> _TASK DESCRIPTION_: Apart from the pictures, which must be omitted, restate the data exactly.
++++ INPUT MATERIAL ++++
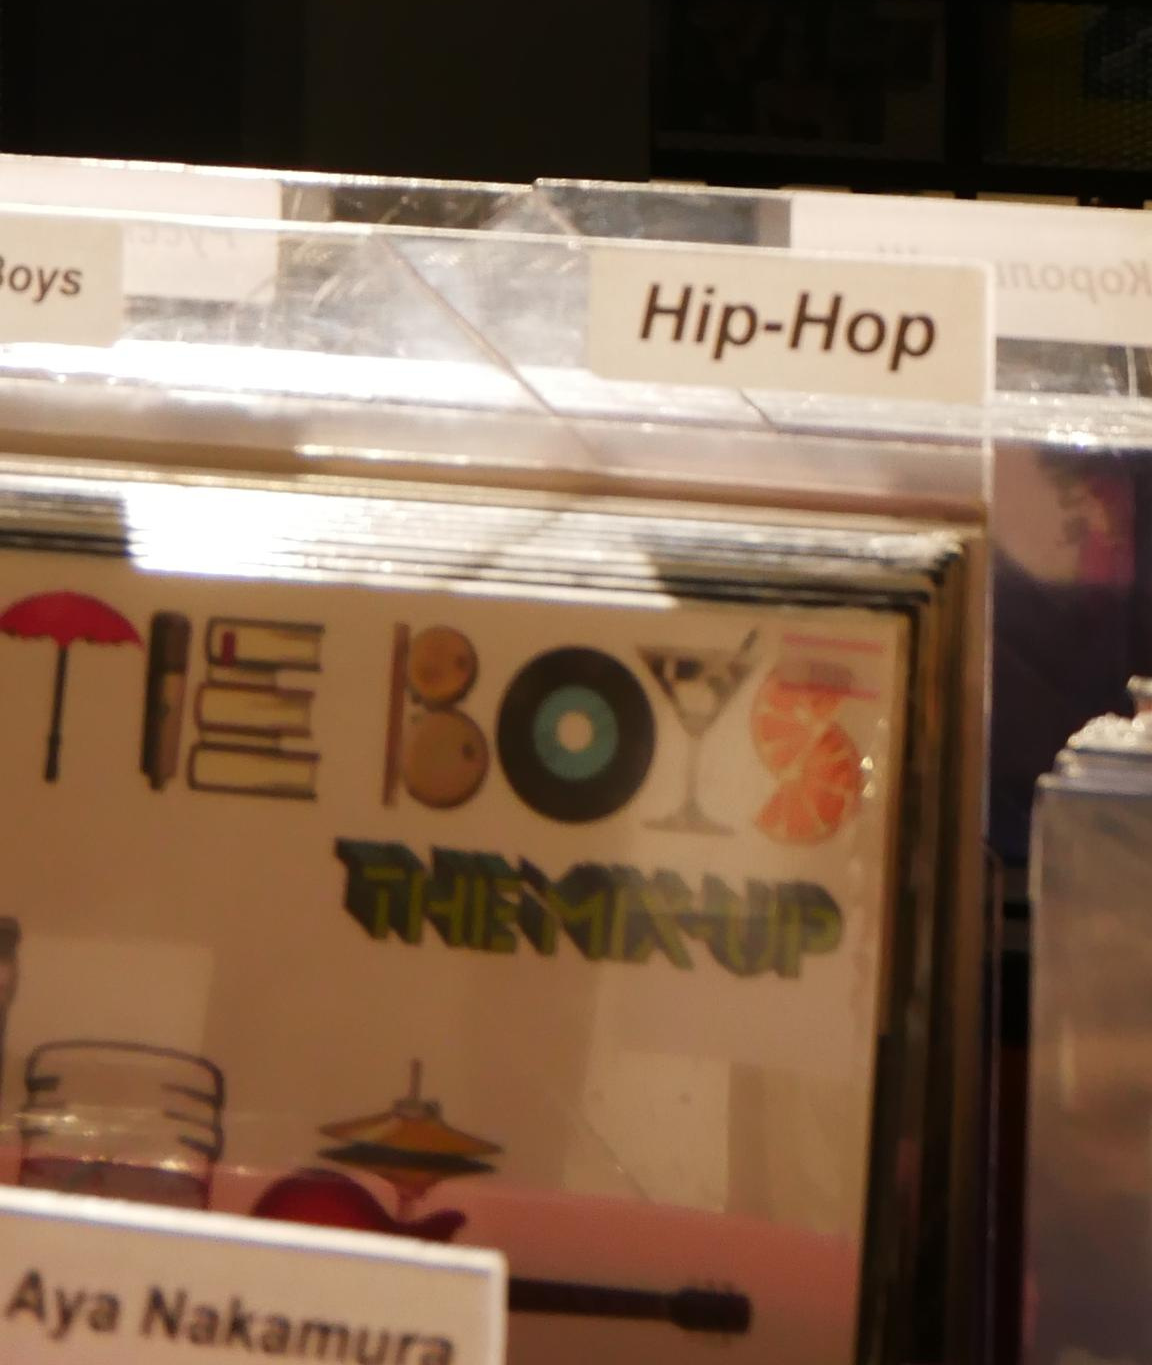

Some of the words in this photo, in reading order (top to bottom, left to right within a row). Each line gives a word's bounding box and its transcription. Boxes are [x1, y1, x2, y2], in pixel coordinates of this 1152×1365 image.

[640, 282, 937, 370] Hip-Hop
[381, 621, 868, 846] BOYS
[335, 836, 522, 954] THE
[5, 1268, 121, 1343] Aya
[140, 1284, 456, 1365] Nakamura
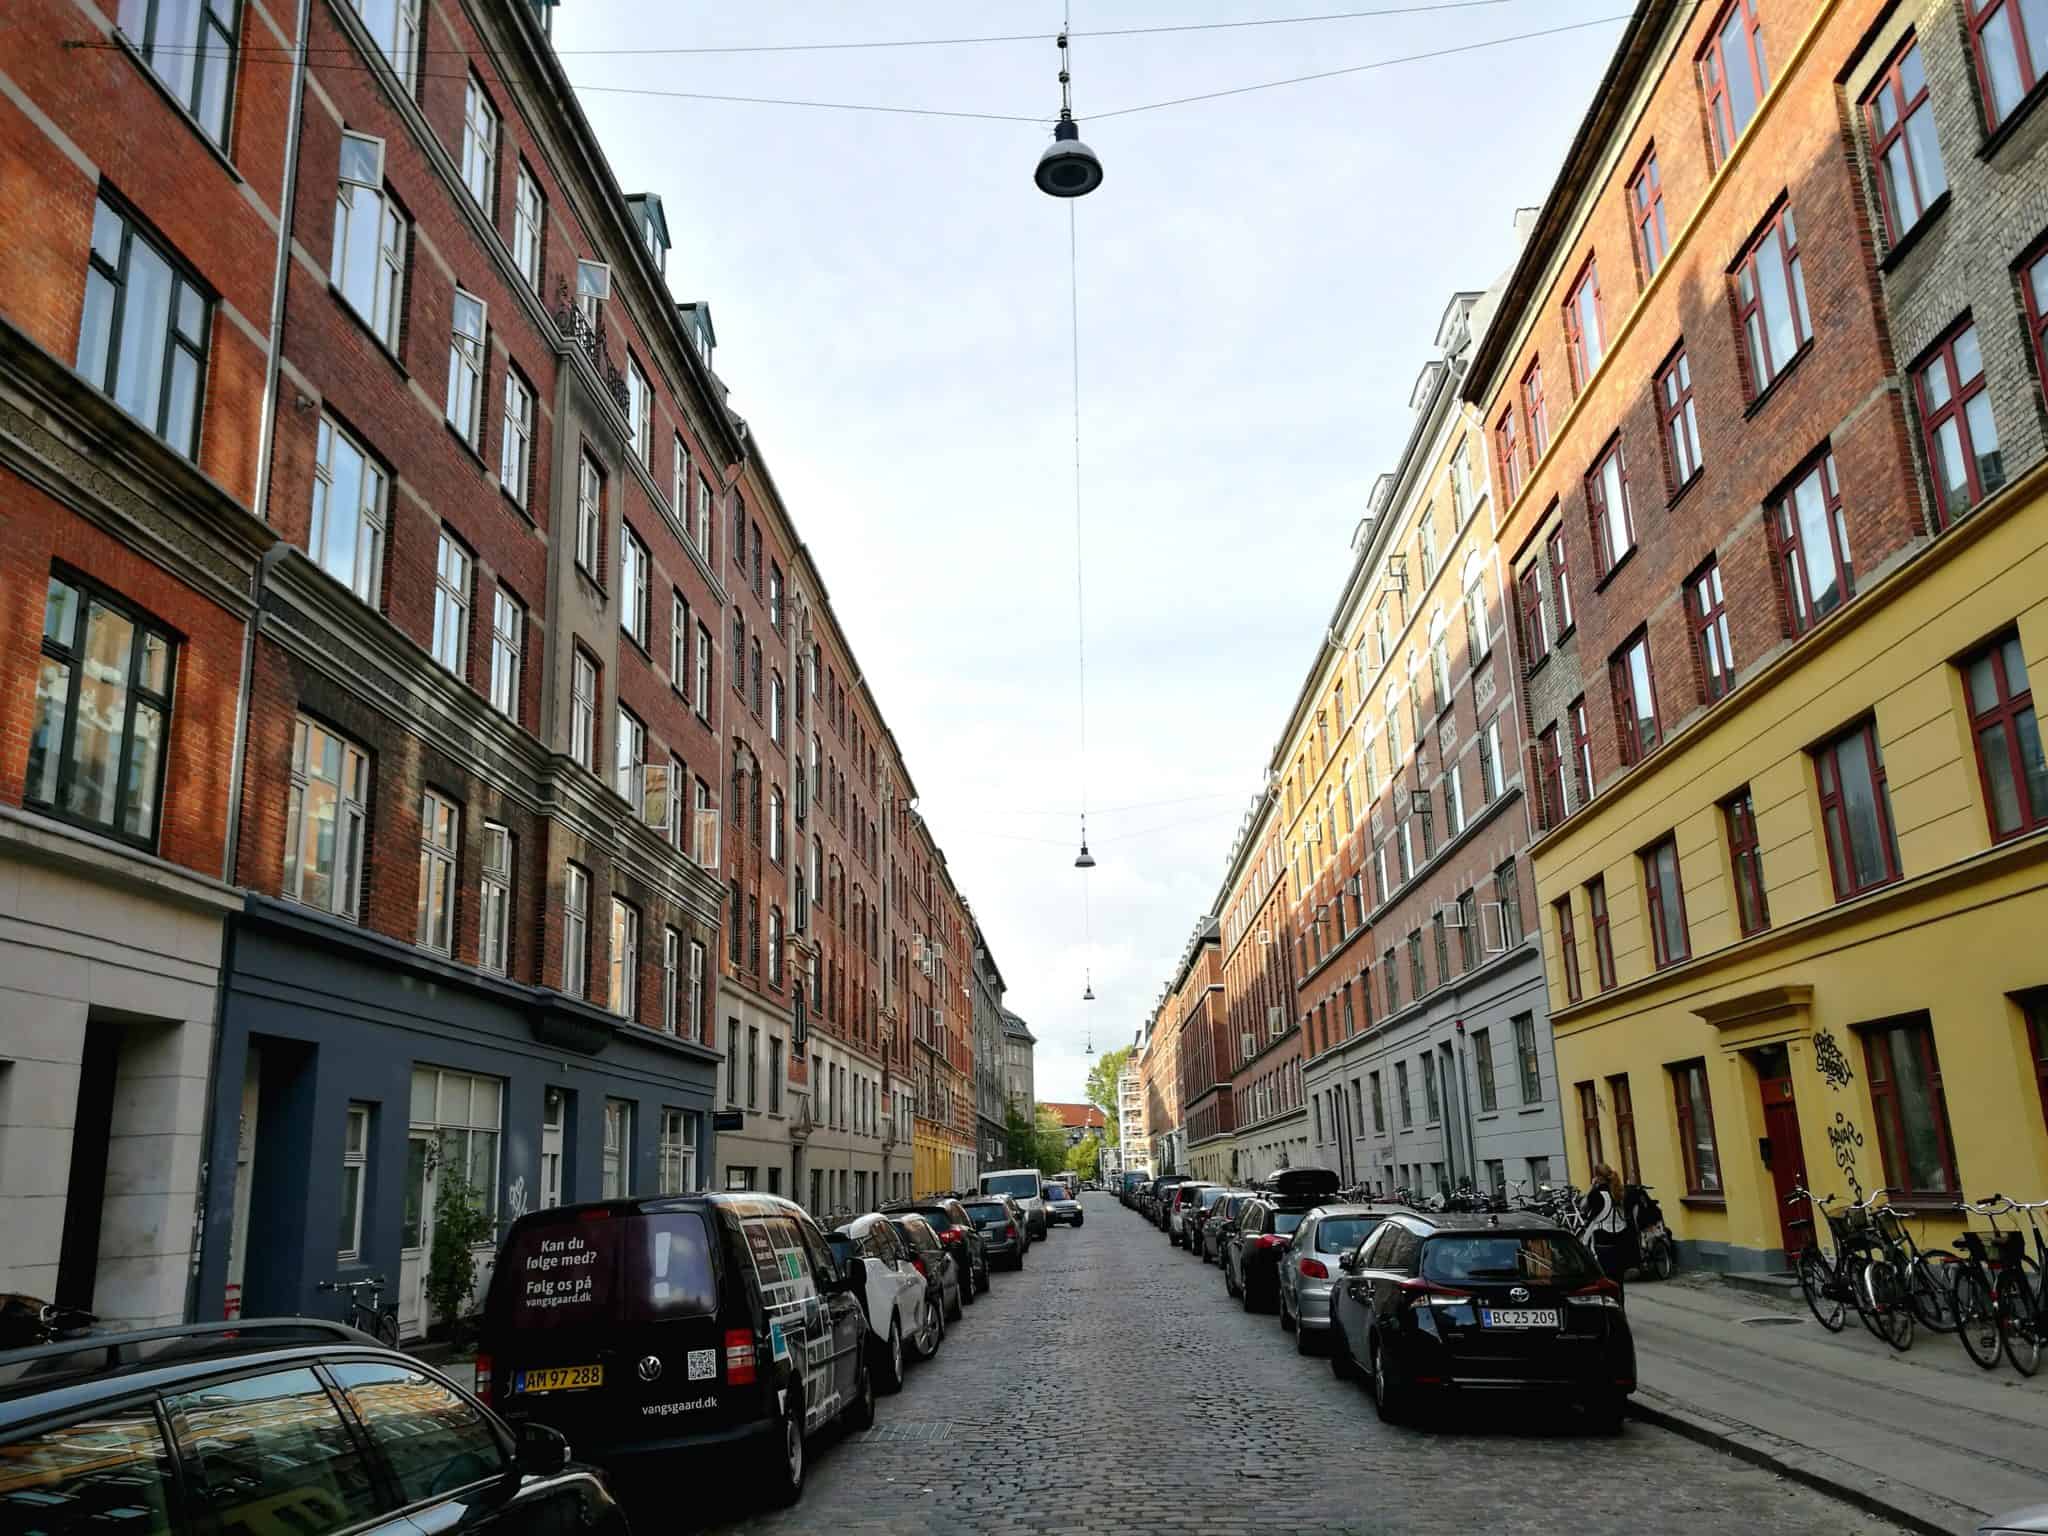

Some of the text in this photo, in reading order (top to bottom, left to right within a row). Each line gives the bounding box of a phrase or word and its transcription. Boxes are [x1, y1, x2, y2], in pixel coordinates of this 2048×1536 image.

[541, 1236, 584, 1253] Kan du
[526, 1251, 597, 1271] følge med?
[526, 1275, 592, 1295] Følg os på
[526, 1292, 592, 1308] vangsgaard.dk
[1492, 1311, 1555, 1324] BC 25 209
[526, 1366, 600, 1388] AM 97 288
[642, 1396, 718, 1415] vangsgaard.dk
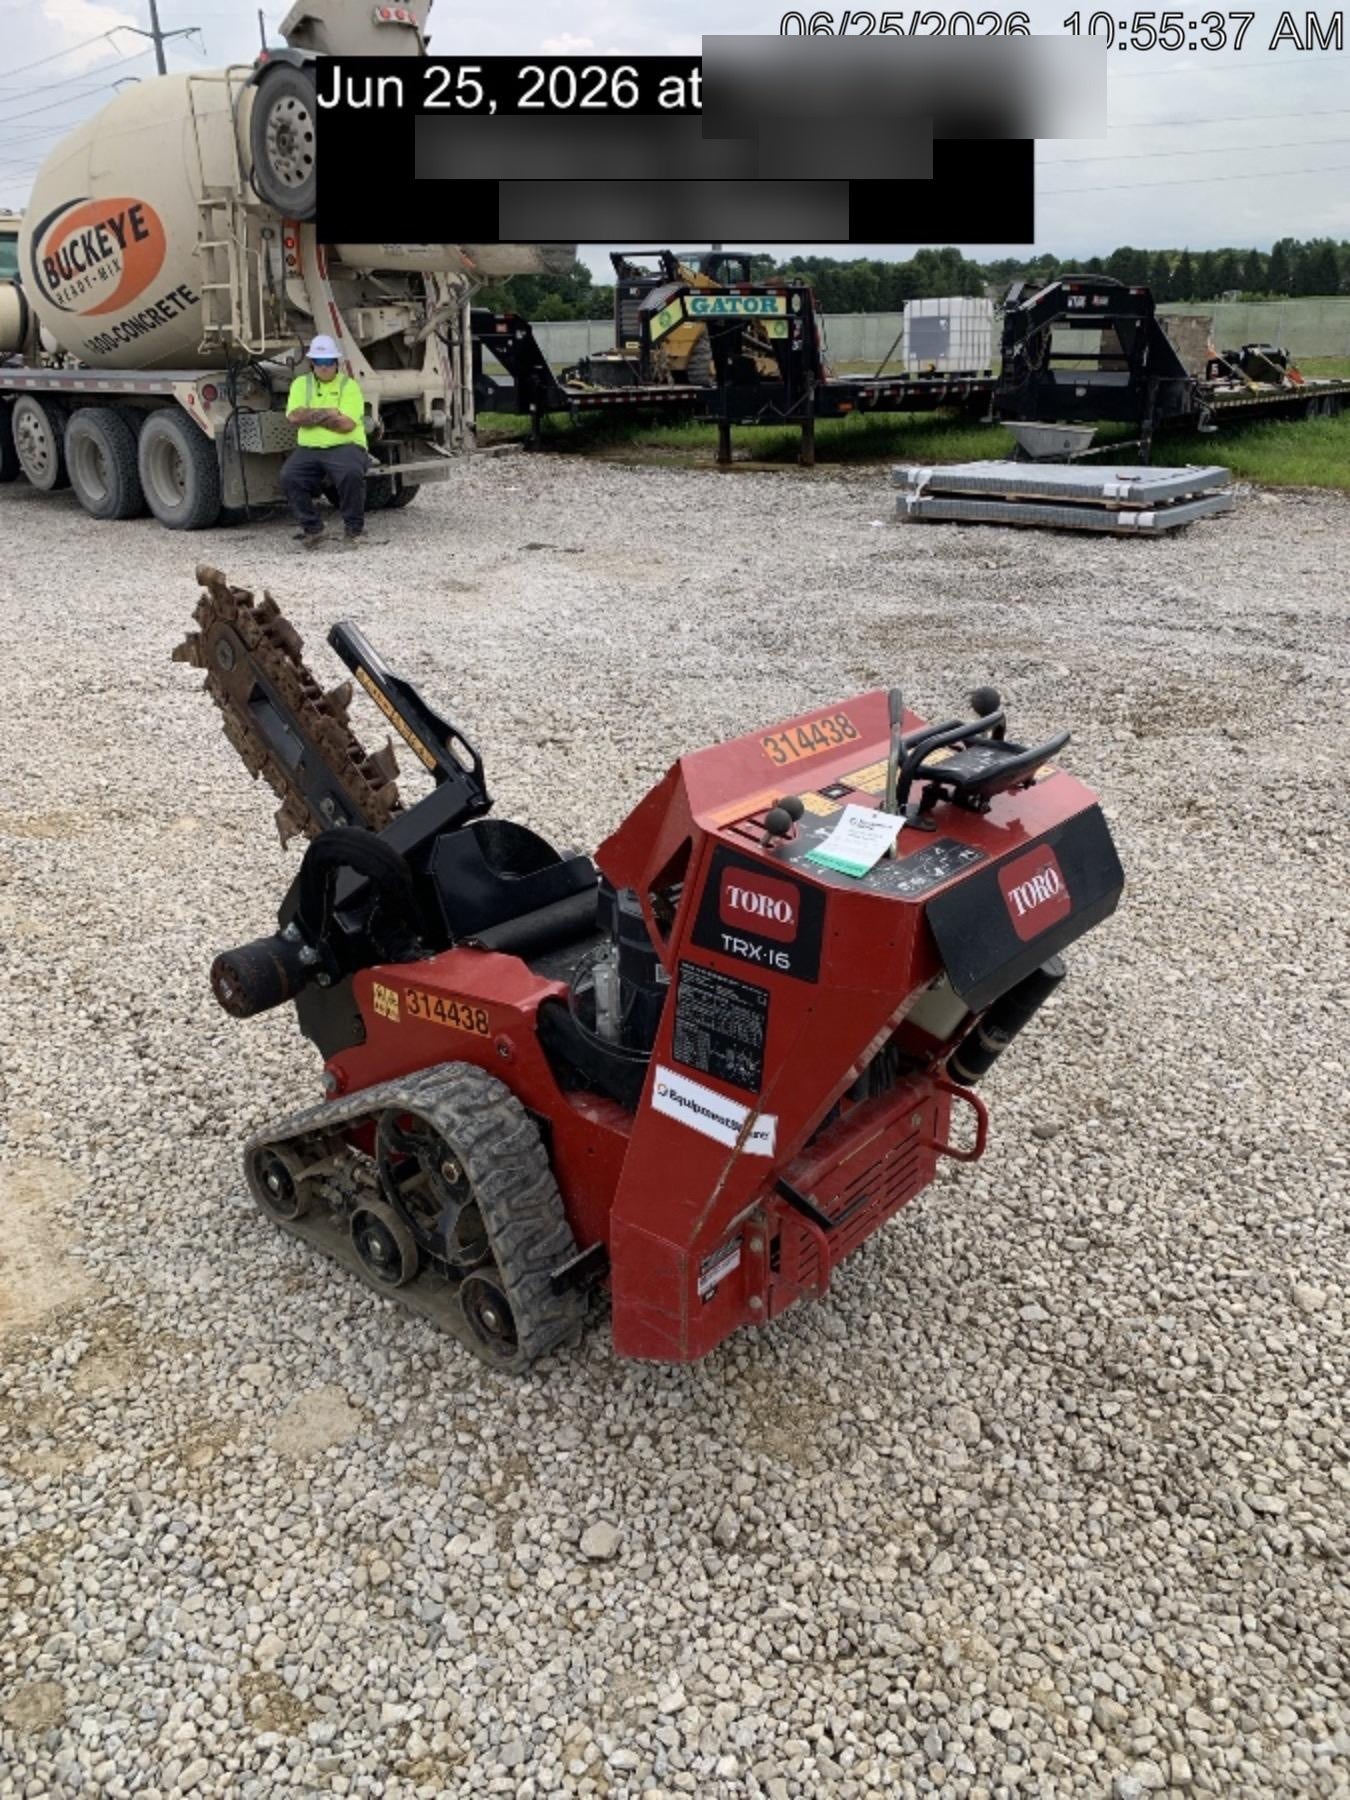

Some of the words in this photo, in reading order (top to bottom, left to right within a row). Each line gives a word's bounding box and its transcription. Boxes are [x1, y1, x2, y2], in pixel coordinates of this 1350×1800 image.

[43, 204, 149, 290] BUCKEYE
[691, 297, 779, 313] GATOR
[763, 713, 857, 764] 314438
[727, 886, 793, 924] TORO
[1008, 868, 1059, 917] TORO
[407, 989, 489, 1035] 314438
[669, 1089, 769, 1141] EquipmentSre
++++
> _SOLVED PROBLEM_:
Some of the words in this photo, in reading order (top to bottom, left to right within a row). Each line gives a word's bounding box and its transcription. Boxes are [x1, y1, x2, y2], in pixel coordinates of this 1152×1365 image.

[640, 282, 937, 370] Hip-Hop
[381, 621, 868, 846] BOYS
[335, 836, 522, 954] THE
[5, 1268, 121, 1343] Aya
[140, 1284, 456, 1365] Nakamura

Some of the text in this photo, in reading order (top to bottom, left to right within a row). Each line gives the bounding box of a phrase or word and its transcription. Boxes are [x1, y1, x2, y2], in pixel coordinates of this 2048×1536 image.

[541, 1236, 584, 1253] Kan du
[526, 1251, 597, 1271] følge med?
[526, 1275, 592, 1295] Følg os på
[526, 1292, 592, 1308] vangsgaard.dk
[1492, 1311, 1555, 1324] BC 25 209
[526, 1366, 600, 1388] AM 97 288
[642, 1396, 718, 1415] vangsgaard.dk

Some of the words in this photo, in reading order (top to bottom, left to right within a row). Each line gives a word's bounding box and its transcription. Boxes are [x1, y1, x2, y2], in pixel coordinates of this 1350×1800 image.

[43, 204, 149, 290] BUCKEYE
[691, 297, 779, 313] GATOR
[763, 713, 857, 764] 314438
[727, 886, 793, 924] TORO
[1008, 868, 1059, 917] TORO
[407, 989, 489, 1035] 314438
[669, 1089, 769, 1141] EquipmentSre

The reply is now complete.